The most damning evidence against him however was provided by Felix de la Baume who described in great detail conditions in the Camp, the humiliations and degradations endured by the prisoners, and the callous indifference to the suffering of the Prison Authorities. Wirz’s plea that circumstances were out of his control and that he did his best in impossible circumstances proved to no avail.
He was found guilty and sentenced to death on 6 November 1865.
Wirz wrote to President Andrew Johnson, himself a Southerner from Tennessee and the only Southern Senator not to resign following secession, requesting clemency.
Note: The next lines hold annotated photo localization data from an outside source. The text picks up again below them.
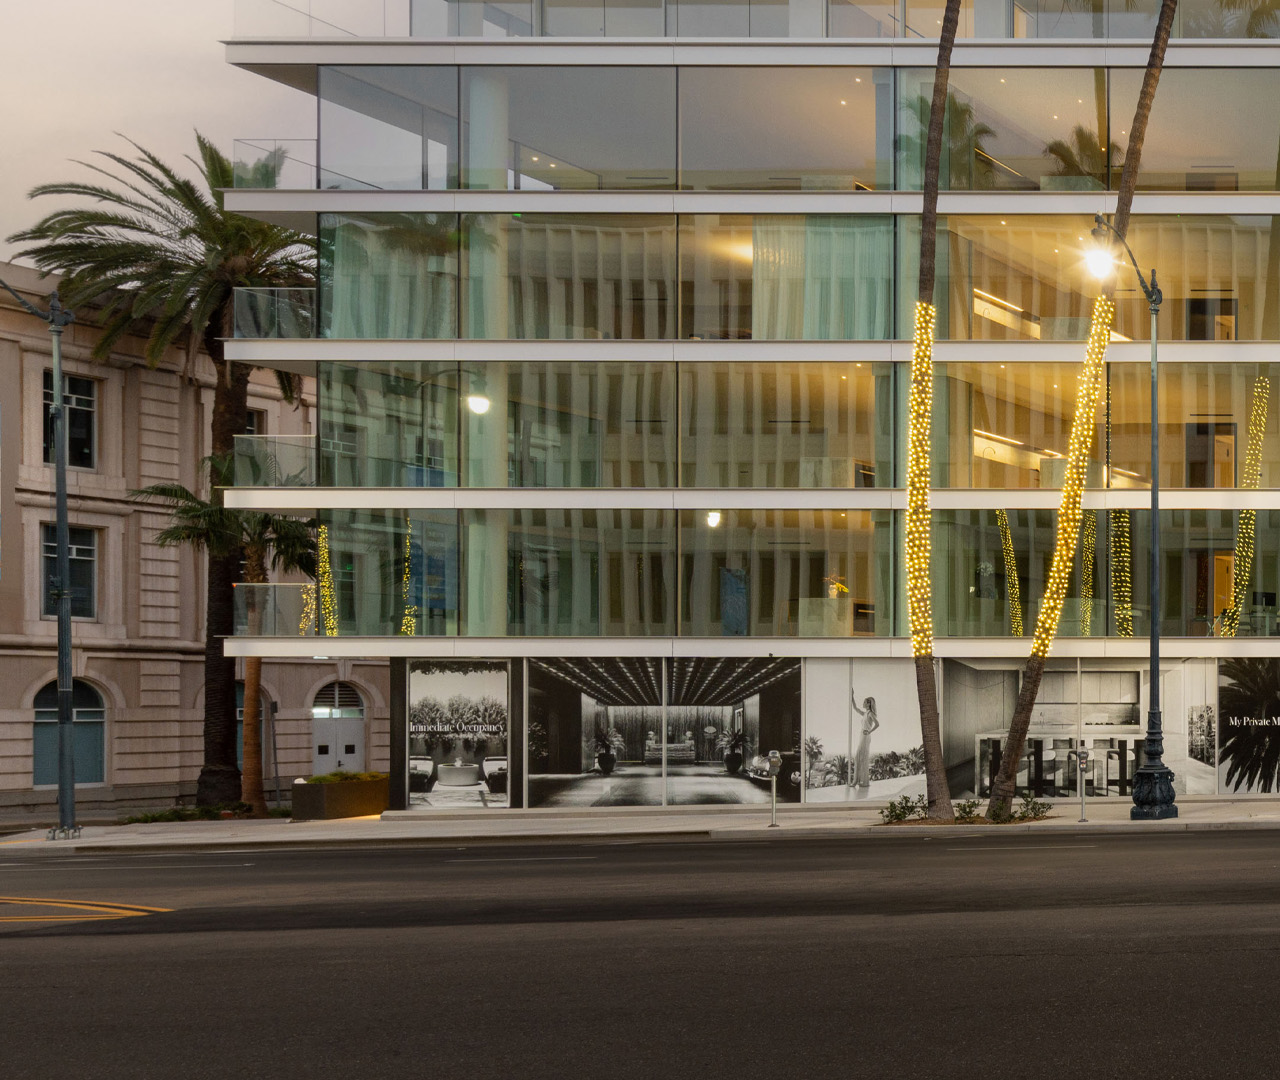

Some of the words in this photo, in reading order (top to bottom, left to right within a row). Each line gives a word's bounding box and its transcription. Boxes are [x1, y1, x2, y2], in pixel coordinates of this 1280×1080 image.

[410, 721, 455, 732] Immediate
[456, 721, 505, 734] Occupancy
[1229, 716, 1241, 727] My
[1243, 716, 1271, 726] Private
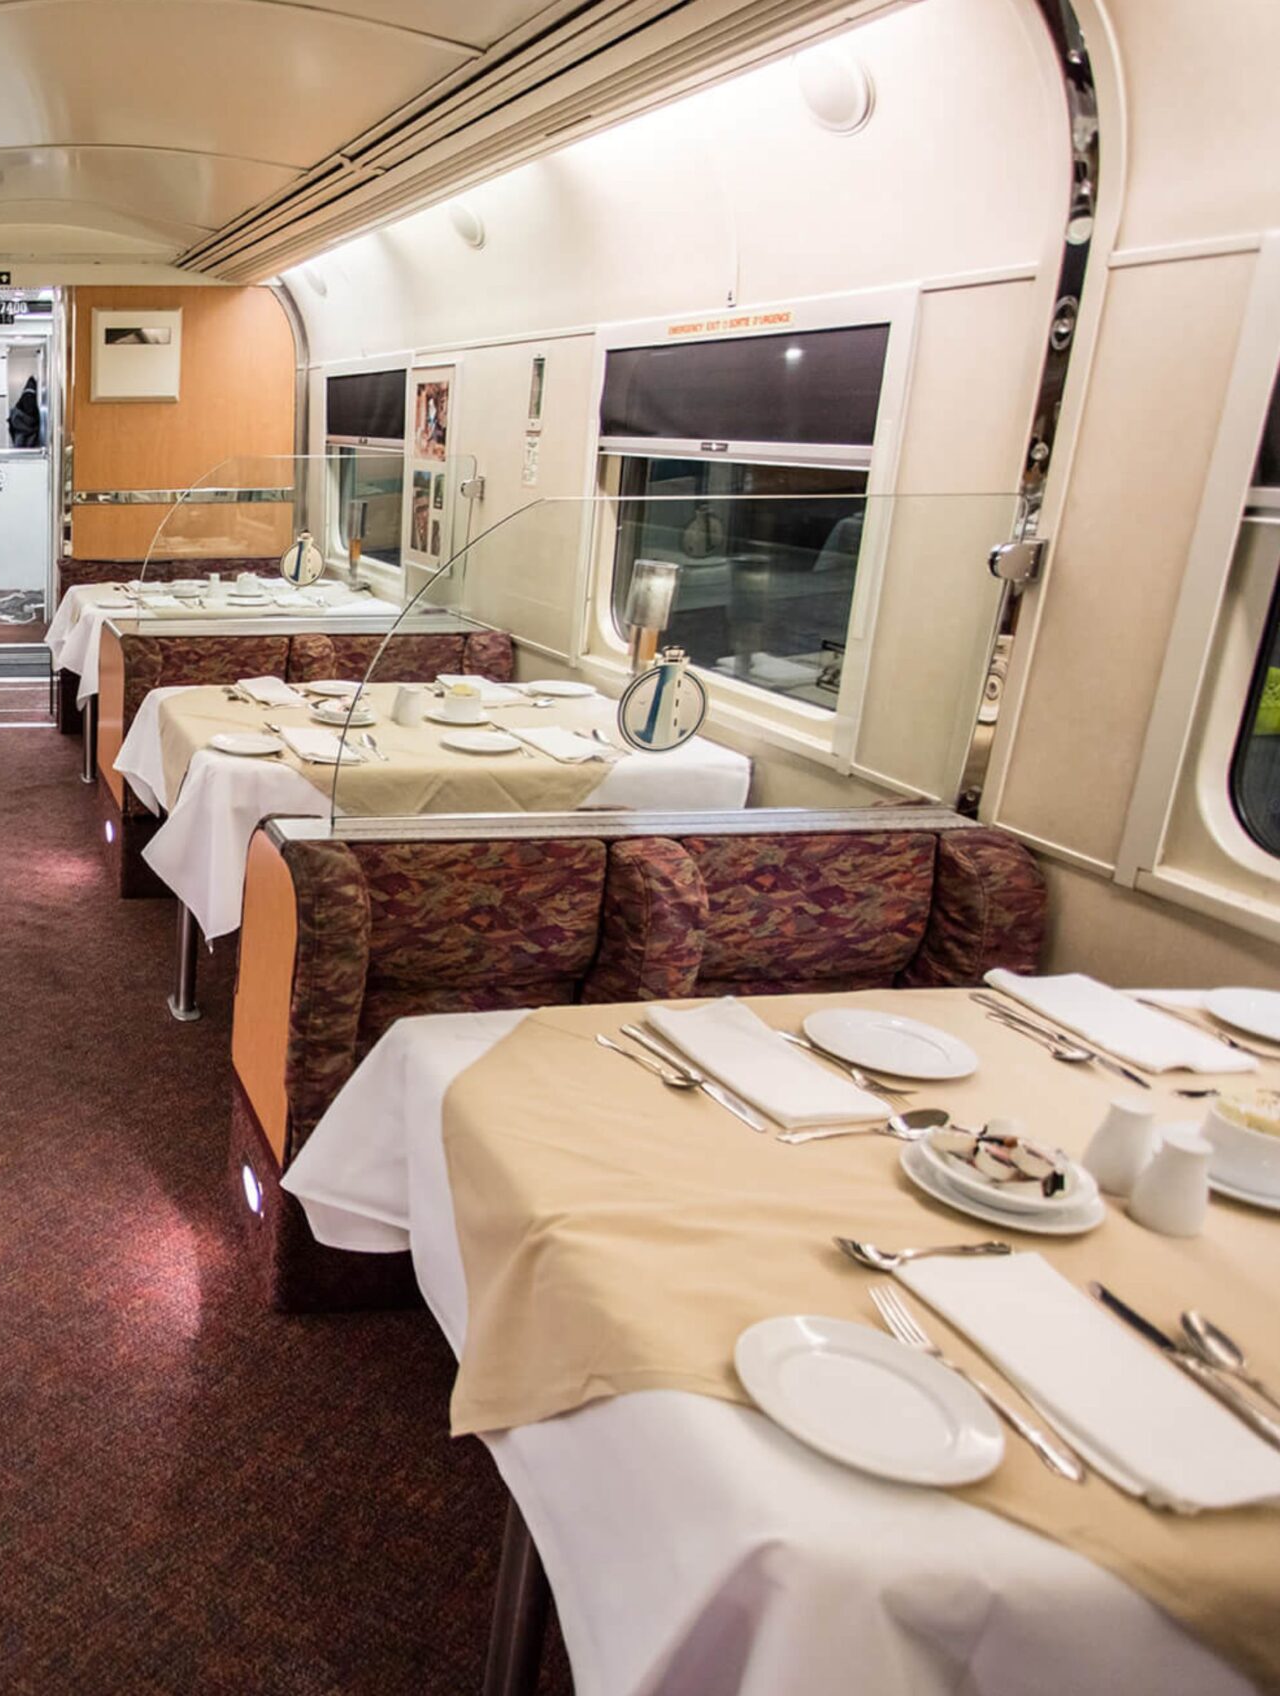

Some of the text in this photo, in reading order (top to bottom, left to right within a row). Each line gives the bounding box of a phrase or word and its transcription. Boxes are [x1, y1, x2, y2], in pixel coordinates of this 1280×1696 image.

[0, 302, 29, 315] 7400
[668, 323, 703, 335] EMERGENCY
[706, 320, 720, 331] EXIT
The letter went unanswered and as such his plea was denied, despite the fact that the Prosecution’s star witness Felix de la Baume turned out in fact to be the German Felix Oeser who had deserted from the 7th New York Volunteers, had never been present at Andersonville, and had a personal grudge against Wirz.
The evidence provided to the Court of Henry Wirz’s culpability at Andersonville was never more than hearsay and gossip.
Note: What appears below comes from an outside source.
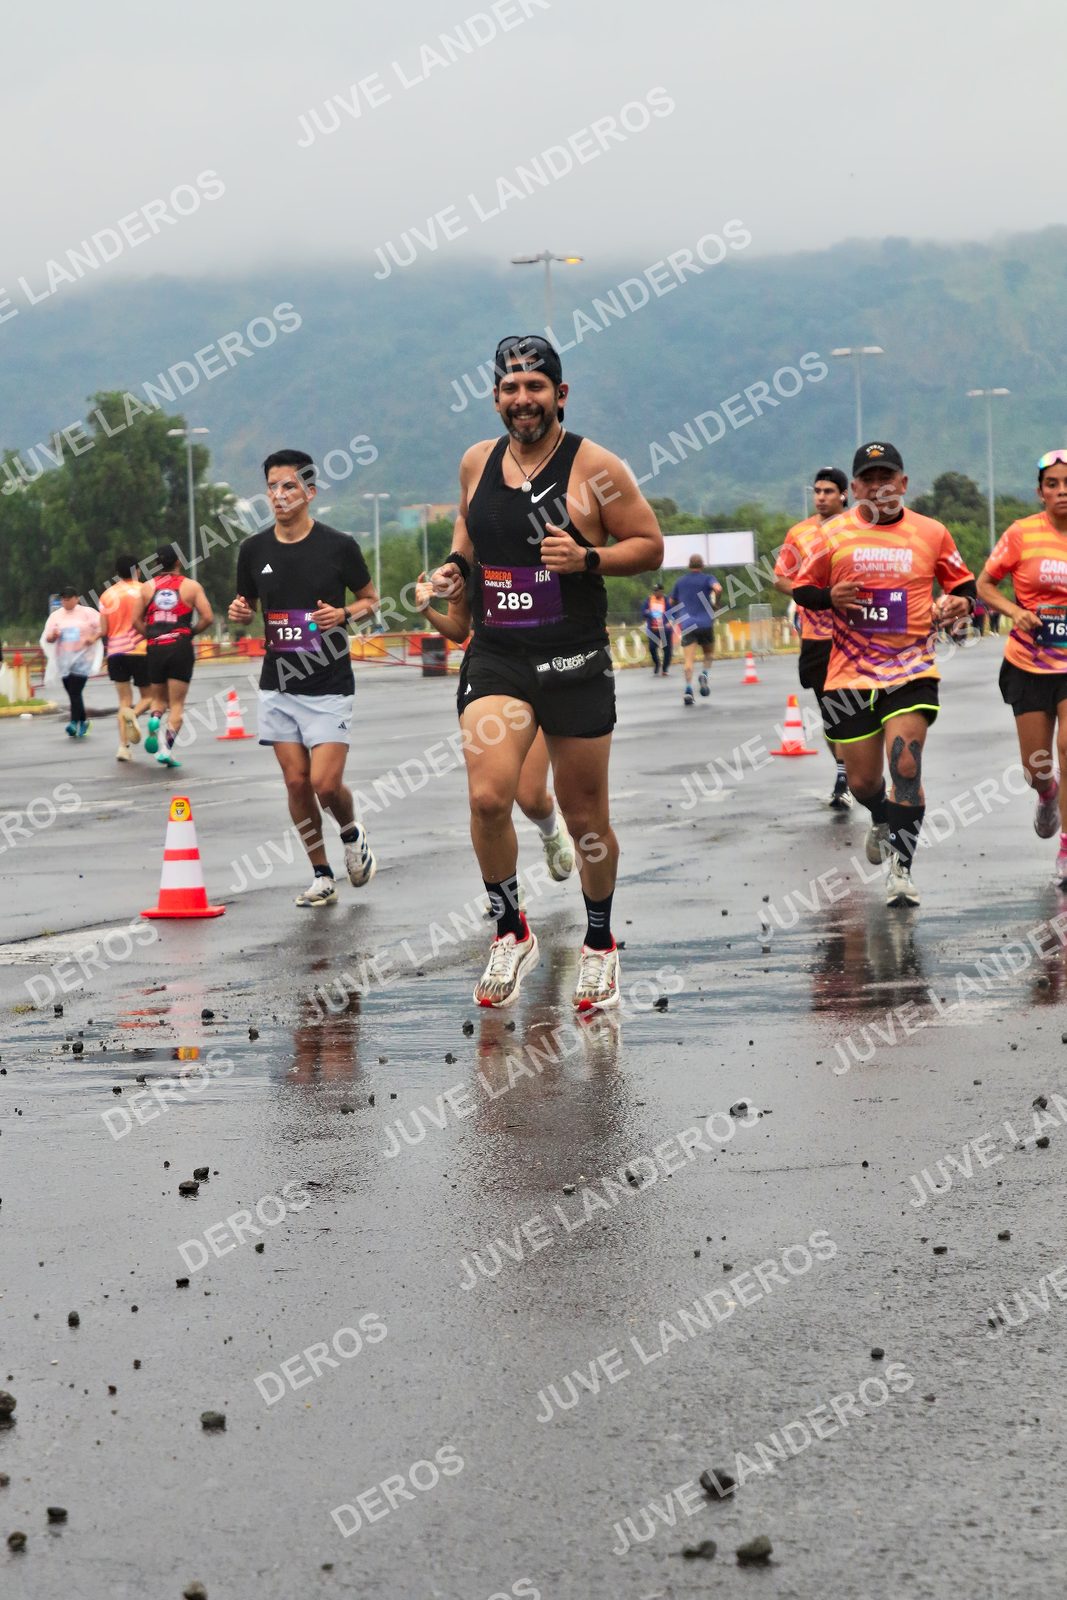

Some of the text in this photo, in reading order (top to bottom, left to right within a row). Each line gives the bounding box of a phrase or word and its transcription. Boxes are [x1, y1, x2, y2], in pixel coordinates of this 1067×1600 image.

Southern ports had been blockaded by the Federal Navy since 1861 and many people in the South were starving, not just prisoners-of-war. Rampant inflation had made the Confederate currency almost worthless and the South could barely supply its own armies, and General Grant’s decision to halt prisoner exchanges had placed a burden on a nation close to defeat that could simply not cope.
Conditions in Prisoner-of-War Camps were also harsh on both sides of the divide. Of those Union soldiers captured during the conflict 30,000 were to die during their internment or 15.5% of the total. The death rate amongst Confederate internees was 26,000 or 12%. For example, at Elmira Prisoner-of-War Camp in New York 25% of Confederates held there died but no charges were ever brought against its Commandant Major Henry Colt.
Whether these figures in any way exonerate Henry Wirz is for the individual to decide but these factors have led many to believe that Henry Wirz was little more than a scapegoat for the atrocities committed by both sides during the war.
In the days prior to his execution it was suggested to Wirz that his sentence could be commuted to life imprisonment if only he would provide evidence that would implicate the former Confederate President Jefferson Davis in the events at Andersonville, but he refused.
Henry Wirz was to be executed on 10 November 1865.
Standing upon the scaffold he refused to take confession instead declaring that he had done nothing wrong. When he was accused by a Major Russell of having deplored his duties, he replied:
“I know what duty is Major, and I am being hanged for having done mine.”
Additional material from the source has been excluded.